La Asamblea General de las Naciones Unidas adoptó el martes 20 de Julio de 2004 por mayoría abrumadora una resolución que exige a Israel “la destrucción del Muro de Separación” que construye en Cisjordania.
La Autoridad Nacional Palestina (ANP) consideró la resolución como “una histórica victoria” mientras que el Estado Hebreo declaró su propósito de continuar la construcción.
A favor de la destrucción del Muro votaron 150 miembros al tiempo que 6 encabezados por los Estados Unidos se opusieron y 10 se abstuvieron.
Los 25 países de la Unión Europea votaron a favor del proyecto de resolución después que los patrocinadores árabes aceptaron varias modificaciones propuestas por estos países durante intensas negociaciones.
Las modificaciones europeas señalaron que Israel tiene el derecho de la autodefensa con la necesidad de abstenerse de asesinar fuera del límite de la ley.
El Tribunal de Justicia Internacional había editado una opinión de consulta en la cual declara que la construcción del Muro es ilegal y la Asamblea General pidió a Israel que cumpla con sus compromisos jurídicos expresados en dicha opinión.
La Corte de Justicia Internacional emitió una opinión de consulta el 9 del presente mes en la cual declaró que la construcción del Muro de Israel es ilegal y la resolución de la Asamblea General exigió al Estado Hebreo que cumpla con los compromisos legales señalados por la Corte.
La resolución de la Asamblea llamó también a “realizar nuevos esfuerzos para buscar una solución a la ilegalidad” que representa el Muro en caso de que Israel no cumpla con la opinión de la Corte.
En respuesta a las propuestas de la Unión Europea la resolución condenó “todos los actos de terrorismo” e instó a Israel y a los palestinos a cumplir con los compromisos incluidos en “la Hoja de Ruta”, adoptada por el Comité Cuatripartito (la Unión Europea, las Naciones Unidas, los Estados Unidos y Rusia).
Estados Unidos -aliado principal de Israel- votó contra la resolución y el segundo hombre de su delegación en las Naciones Unidas, James Cunninghan, condenó la rapidez con que el órgano internacional adoptó la resolución, la cual calificó de “parcial”.
Por su parte, Israel declaró su desafío a la resolución de la Asamblea General.
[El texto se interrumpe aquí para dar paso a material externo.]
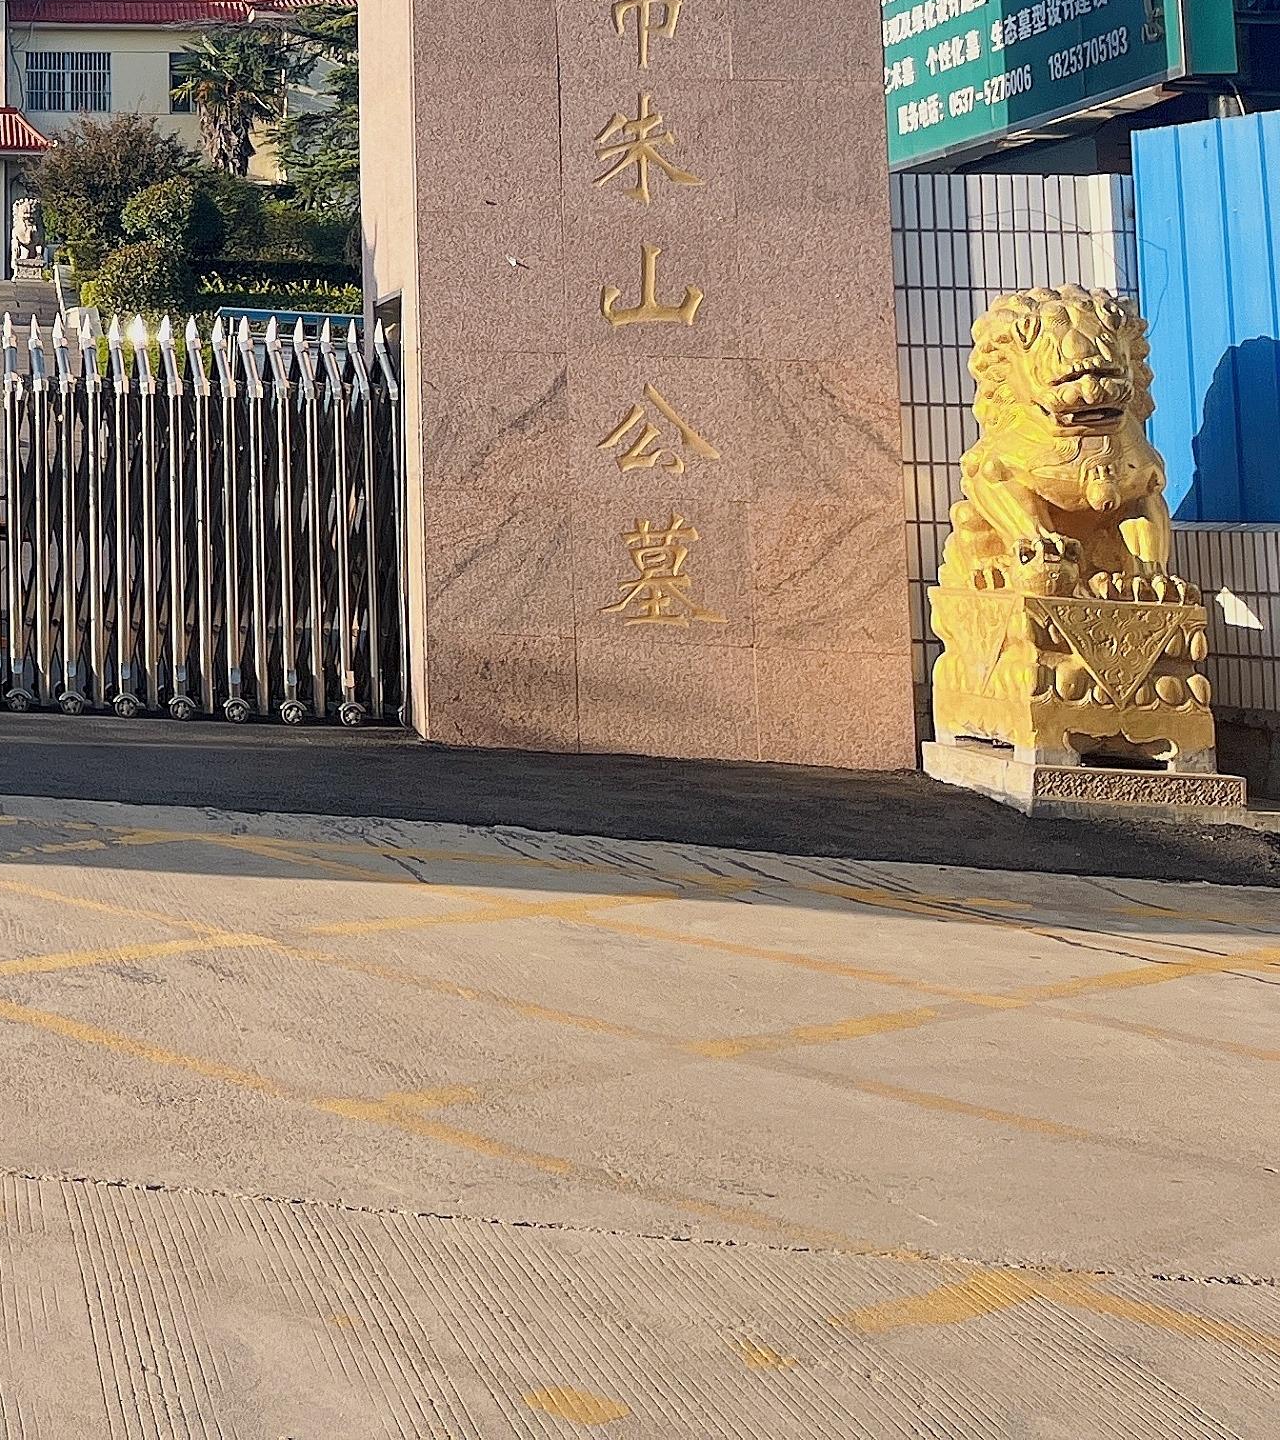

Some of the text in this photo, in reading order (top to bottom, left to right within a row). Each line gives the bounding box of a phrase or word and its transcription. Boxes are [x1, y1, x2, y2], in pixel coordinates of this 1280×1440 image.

El Consejero diplomático del premier israelí, Duri Gold dijo: “tenemos el derecho de defendernos y estamos decididos a continuar la construcción de este Muro” y afirmó en declaración a la agencia francesa de noticia AFP que su gobierno solo tendrá en cuenta la opinión del Tribunal Supremo Israelí.
Se conoce que el Tribunal Supremo Israelí emitió el 30 de Junio de 2004 la decisión de cambiar una parte de la trayectoria del Muro, pero dictaminó que Israel tiene el derecho de construirlo por razones de seguridad.
La parte palestina consideró que la resolución de la Asamblea General es histórica y puede ser la más importante desde 1947 respecto a la causa palestina y que constituye una gran victoria para la diplomacia y el pueblo palestino, así como para la diplomacia árabe frente al Muro Racista. También alegó que la comunidad internacional tiene que asumir la responsabilidad de imponer su voluntad al gobierno israelí, el cual expresa su indiferencia.
Las resoluciones de la Asamblea General no tienen carácter obligatorio desde el punto de vista jurídico, pero reflejan la opinión de la comunidad internacional respecto a causas de suma importancia además de representar la autoridad moral universal, a diferencia de las resoluciones del Consejo de Seguridad que si son obligatorias para los gobiernos.
La reciente resolución de la Asamblea General es la segunda adoptada respecto al Muro, pues el pasado 20 de octubre la Asamblea había adoptado una resolución demandando al Estado Sionista la detención del Muro en los territorios ocupados al calificarlo de “contrario al derecho internacional”.
El Muro de Separación Racista que las fuerzas ocupantes comenzaron a construir el 16 de mayo del 2002 alcanza una altura de 8 m y una longitud de 750 km (en caso de que se concluya); es una cadena de túneles, profundas canales, altas paredes cimentadas, una cerca de alambre púa electrizada y aparatos de control. En algunas zonas la altura alcanza los 12 m.
Israel alega que el Muro tiene el objetivo de cercar a Cisjordania para impedir las operaciones palestinas de inmolación dentro de la “línea verde”, pero en realidad se adueñan de una gran extensión territorial de los palestinos. Según reportes del Centro Palestino de Estadísticas el Muro usurpa el 65% de los recursos hidráulicos en Cisjordania y casi el 23% de las tierras más fértiles.